Der frühere kaufmännische Geschäftsführer und Arbeitsdirektor von Rexroth, Dieter Klingenberg, ist im Alter von 92 Jahren gestorben. Lohr und die mainfränkische Wirtschaft haben ihm viel zu verdanken. Der Diplom-Volkswirt lenkte das stürmische Wachstum des Hydraulikunternehmens in geordnete Bahnen und verhinderte die Abwanderung der Firma Indramat.
Geboren und aufgewachsen in Niedersachsen, studierte Klingenberg in Göttingen und begann 1952 seine berufliche Laufbahn in der Konzernrevision von Friedrich Krupp in Essen. Drei Jahre später war er Prüfungsleiter bei der Mannesmann-Revision in Düsseldorf.
Charme und Humor
Nach mehreren Stationen in Mannesmann-Tochterfirmen kam er zur G. L. Rexroth GmbH nach Lohr, die seinerzeit erst zur Hälfte dem Mannesmann-Konzern gehörte. Seine Chancen als kaufmännischer Geschäftsführer der schnell wachsenden Rexroth-Gruppe standen nicht gerade gut, denn seine drei Vorgänger im Amt hatten jeweils maximal zwei Jahre durchgehalten, aufgerieben in Debatten mit der damaligen Ingenieur-Führung des Unternehmens.
Zudem wurde Klingenberg in Lohr zunächst sehr misstrauisch beäugt und als "Aufpasser" oder gar "Spion von Mannesmann" verdächtigt. Doch er verschaffte sich Respekt und Anerkennung als "Arbeitstier mit Charme und Humor". Klingenberg brachte die Buchführung und das Rechnungswesen bei Rexroth wieder auf Vordermann.
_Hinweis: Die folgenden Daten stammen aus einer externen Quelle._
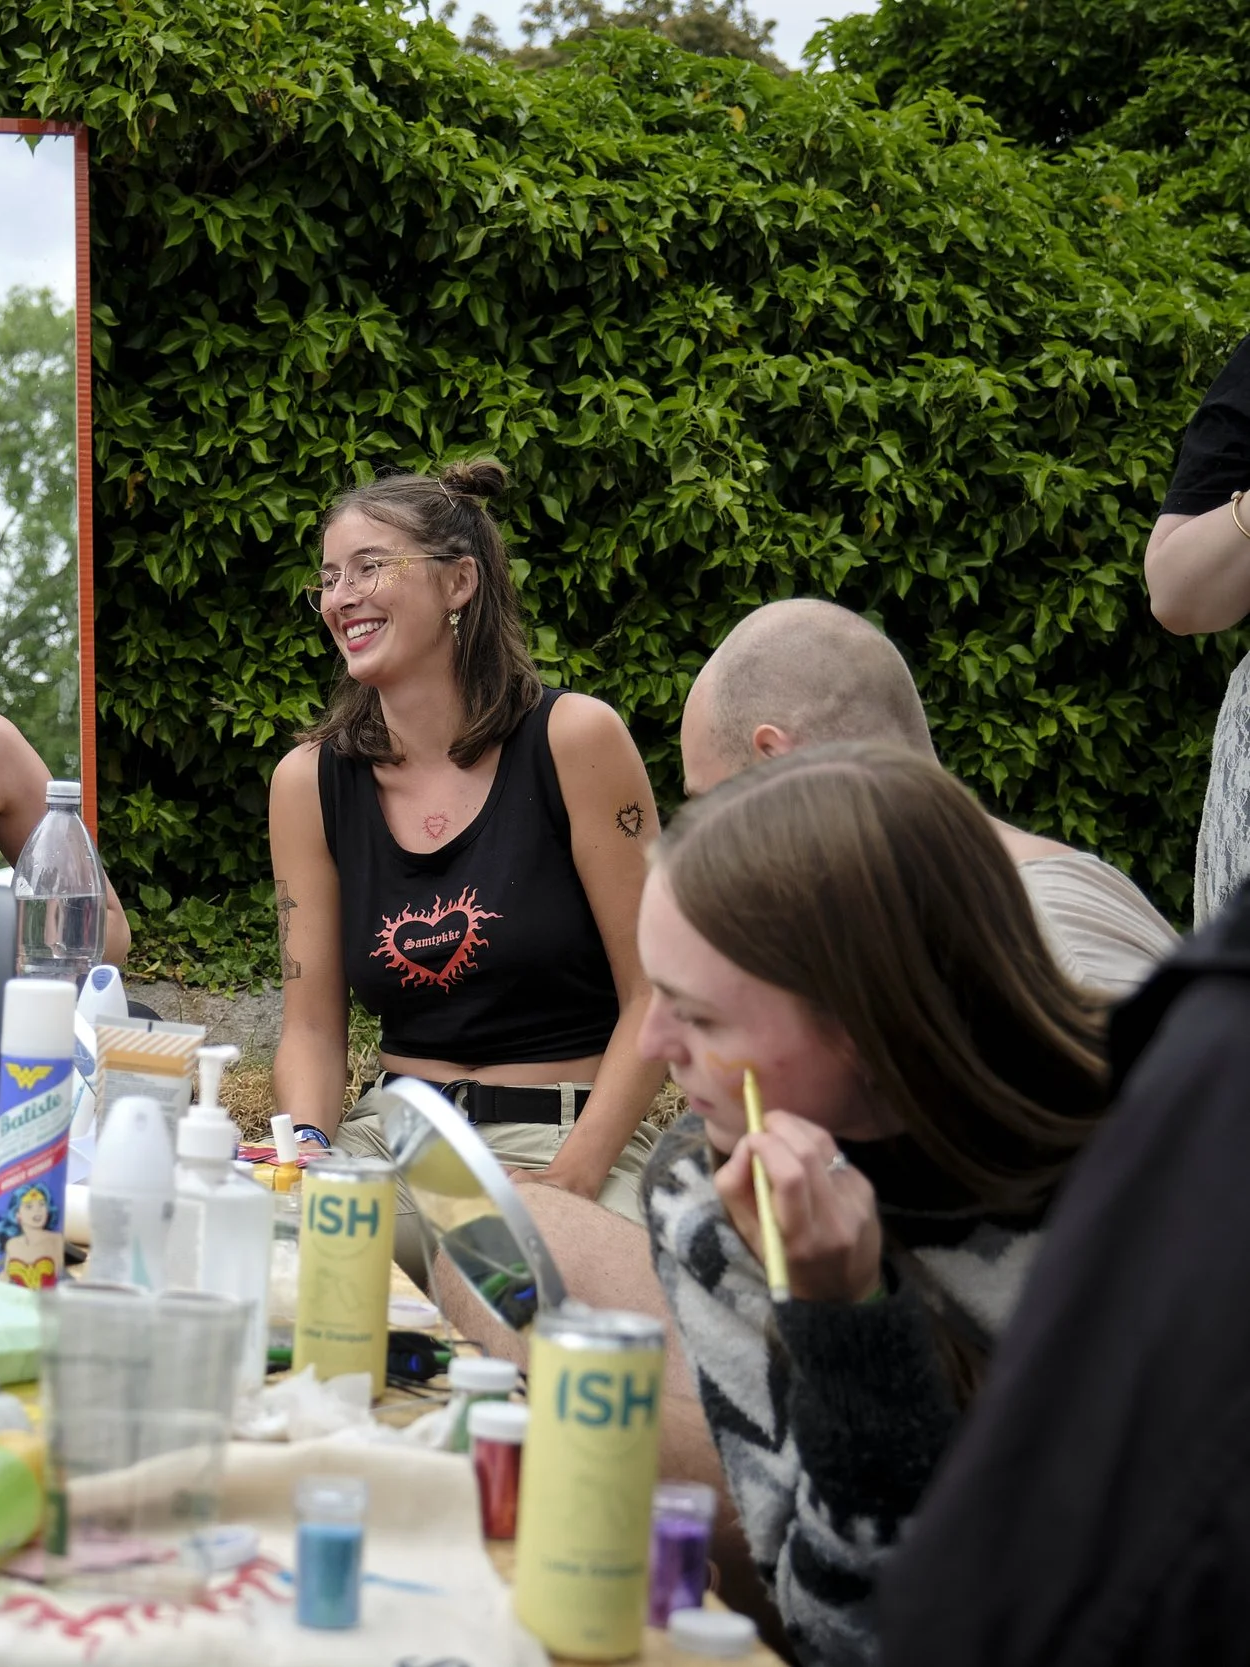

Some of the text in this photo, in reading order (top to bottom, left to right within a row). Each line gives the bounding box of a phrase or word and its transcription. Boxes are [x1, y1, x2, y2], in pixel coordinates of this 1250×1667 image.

Mit seinen exzellenten Kenntnissen der Finanzen und des Steuerrechts sicherte er das rasante Wachstum des Unternehmens ab und warnte immer rechtzeitig vor Folgen allzu großer technischer Risikofreude. Als seinen größten Erfolg betrachtete es Klingenberg, mit weiteren Rexroth-Führungskräften Stadtrat und Bürgermeister von Lohr dazu gebracht zu haben, das Industrie- und Gewerbegebiet Lohr-Süd zu schaffen und so die Abwanderung der Firma Indramat (heute Rexroth-Bereich Electric Drives & Controls) nach Nordrhein-Westfalen zu verhindern. Das bedeutete über 1000 Arbeitsplätze für Lohr.
Mit 65 Jahren ging Klingenberg in den (Un-)Ruhestand. Drei Jahre lang beriet er danach Rexroth und die Mannesmann AG. Diese Tätigkeit führte ihn in zahlreiche Länder. In Indien leitete er die Umstrukturierung von Rexroth Indien. Der Ruheständler mischte aber auch in Lohr noch mit. Bei der Lohrbachverlegung am Hauptwerk sorgte er mit einem Arbeitsstab für Planung, Genehmigung und Finanzierung.
Lange Jahre engagierte sich Dieter Klingenberg für soziale Belange. Seit 1978 gehörte er dem Rotaryclub Lohr-Marktheidenfeld an, war ein Jahr lang dessen Präsident und District Governor für Franken, Thüringen und Nordbayern.
Klingenberg war Mitbegründer und von 1996 bis 2007 Vorsitzender des "Freundeskreises für Pater Eckart", der die soziale Arbeit des Geistlichen in Brasilien unterstützte. Zu dieser Aufgabe kam er über die Georg Ludwig Rexroth-Stiftung, für die er sich schon in seiner Amtszeit "nebenher" engagierte und dann als Mitgesellschafter. Im Freundeskreis sah er eine Erweiterung der Arbeit der Rexroth-Stiftung.
Im IHK-Präsidium
Ferner war er für die mainfränkische Wirtschaft engagiert, unter anderem im Präsidium der IHK Würzburg-Schweinfurt und als Vorsitzender von deren Weiterbildungsausschuss. 2004 erhielt er das Verdienstkreuz 1. Klasse des Verdienstordens der Bundesrepublik Deutschland. Mit seiner Frau Ingrid hatte er zwei Töchter und einen Sohn.